What do you mean by that? 

If you are giving out t-shirts and you give everyone an XL, you are missing the point, but if you take the time to order the size that fits everybody you are practicing equity and inclusivity. So that’s the perspective I’m bringing. If every time MCEA has an event they give me a hamburger, you are not going where we need to go, but if I go to an MCEA event and also see rice and beans, then those are steps in the right direction. They are small steps but they show me that we are at least thinking about inclusivity. We will need to revisit our hiring policy, procurement policy, and other HR policies to make sure that they reflect the organization’s intentions with DEI, and we will be evaluating our work every year to make sure that we are making progress.

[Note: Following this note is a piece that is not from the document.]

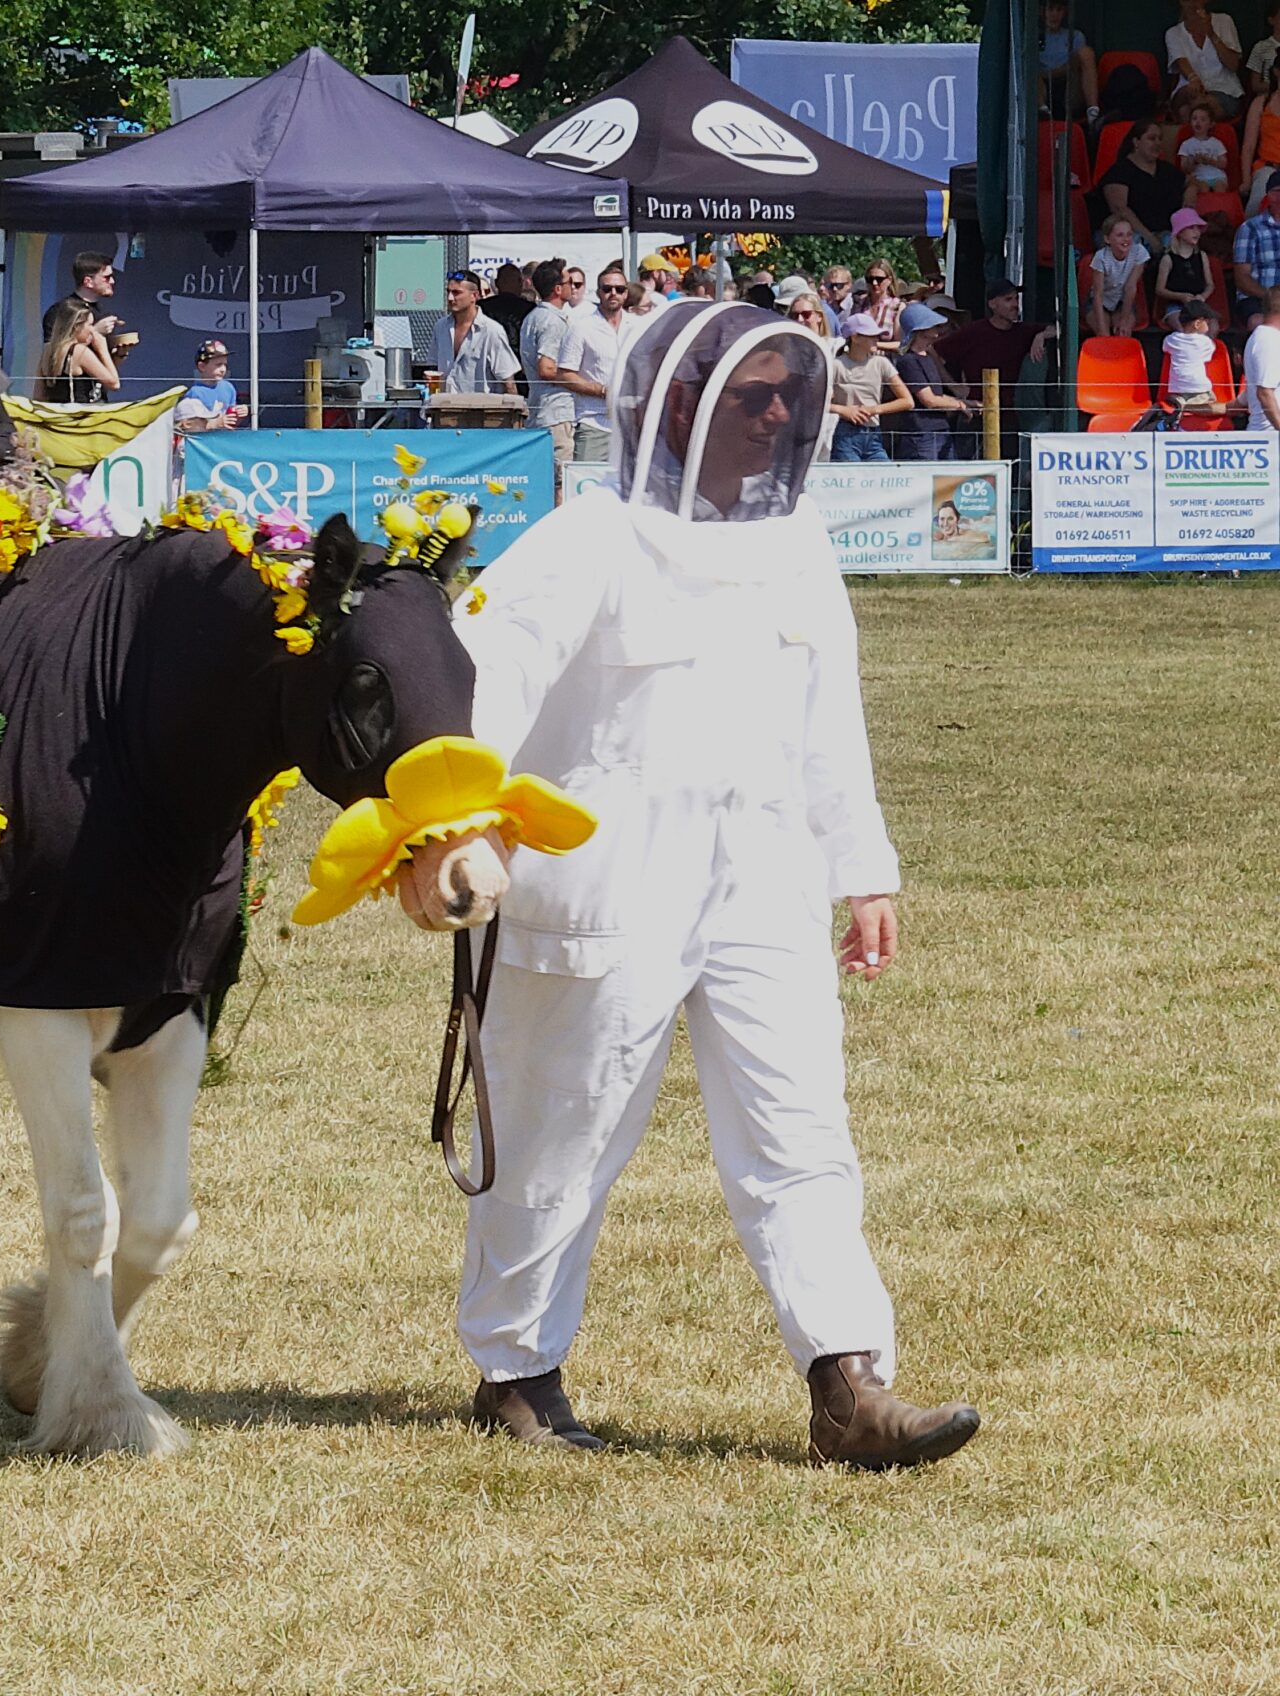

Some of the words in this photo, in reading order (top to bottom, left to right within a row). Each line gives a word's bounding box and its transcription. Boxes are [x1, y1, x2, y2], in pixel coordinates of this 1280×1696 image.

It will take commitment, devotion, open mindedness and collaboration to reach where we want to go, but we can get there with the right steps. 

 

Much of your work will focus on environmental justice, an issue that’s thankfully received increasing attention over the years. Even so, I think there are a lot of people who don’t really understand what it means. How do you define environmental justice? 

A lot of people understand environmental justice to mean justice for the environment, but the truth is environmental justice is about community. It’s about people, and in particular a certain group of people. Environmental racism doesn’t affect everybody; it affects a certain group of people who are disproportionately impacted by environmental harms, like water and air pollution. It’s the result of systemic racism or government action, because the government is responsible for most of the negative environmental impacts on communities. They give the permits… Many years ago it was done intentionally as a part of a racist agenda, now it’s not necessarily a part of a racist agenda but it’s become embedded in our political system. It’s part of how things are done, and in that way it can tie hands. 

 

Can you say more about that? What is embedded in our systems that makes it hard to advance environmental justice? 

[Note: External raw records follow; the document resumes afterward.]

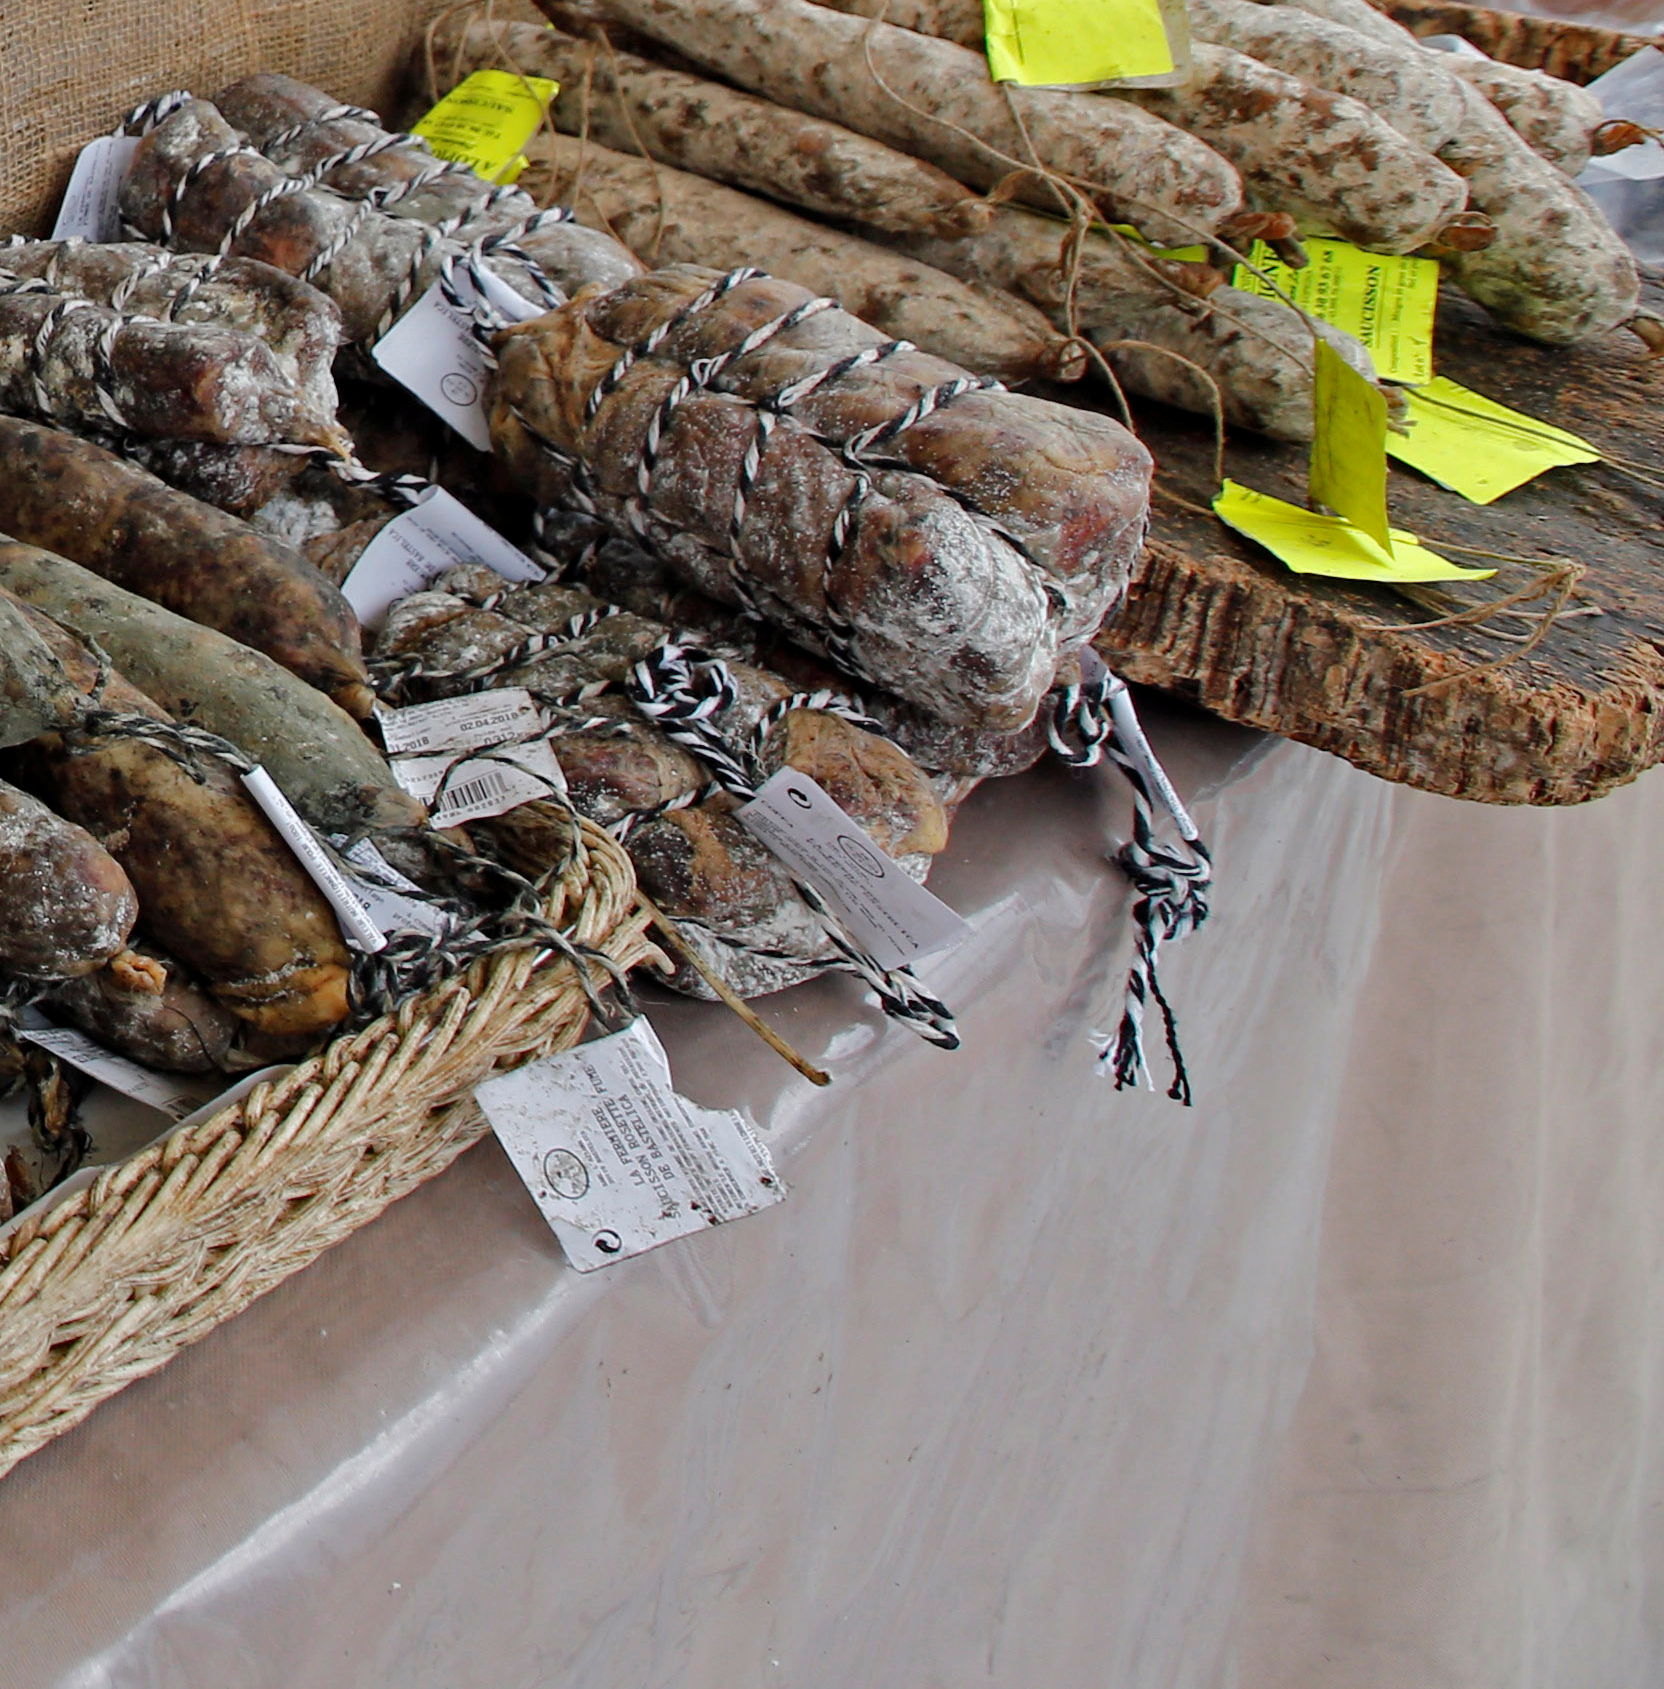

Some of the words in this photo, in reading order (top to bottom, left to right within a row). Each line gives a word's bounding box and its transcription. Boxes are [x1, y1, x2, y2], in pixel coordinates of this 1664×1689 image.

[1360, 264, 1380, 347] SAUCISSON
[590, 1104, 633, 1166] FERMIERE
[602, 1096, 641, 1151] ROSETTE
[616, 1093, 663, 1160] BASTELICA
[628, 1168, 645, 1187] LA
[635, 1152, 682, 1221] SAUCISSON
[658, 1162, 675, 1181] DE

Money, for one. Say you have a Governor who cares about the environment but she receives money from the company who wants to build a fossil-fuel plant in her state, and she wants to get re-elected. Money always talks. Another is what we call agency capture, where our government agencies who are supposed to look out for the good of the people get captured by the companies they are supposed to permit and look out for their interests instead. The other is that not everyone who is passionate about the environment is passionate about environmental justice. I really saw this when I was with Greenpeace. Thousands of people from abroad - the United States, England – signed our petitions to protect land and the environment, but when we have petitions concerning Indigenous people being displaced, we have like 100 people sign. These people care about protecting the environment for hunting, the safari, the trees for clean air, but they don’t care about the people of color who are there. The Governor of Michigan might care about electric vehicles or keeping the beach clean where her lake home is located, for example, but she doesn’t necessarily care about the people of Flint, the people of color who can’t afford electric vehicles, who won’t visit her beach.  

 

That’s so frustrating. How do we get people to understand the inextricable link between the collective good and individual good? 

We have to change their mentality. Western countries always think they can use their money to solve problems. But we know that will only take you so far. A little virus crashed the stock market. We live in a global village. What happens in China has an impact on us here. What happens in Flint has an impact elsewhere. And with climate change we know that what happens anywhere will surely find a way to also meet you where you are. 

So we have to quit thinking that money can solve these problems, and start talking about what we are seeing and feeling around us in honest terms. Those are not wildfires, they are climate fires. They are not droughts, they are climate droughts. This extreme heat is climate heat. People need to really understand how these experiences are connected to the climate crisis, and how none of us are immune from its consequences, no matter how much money we have or where we live.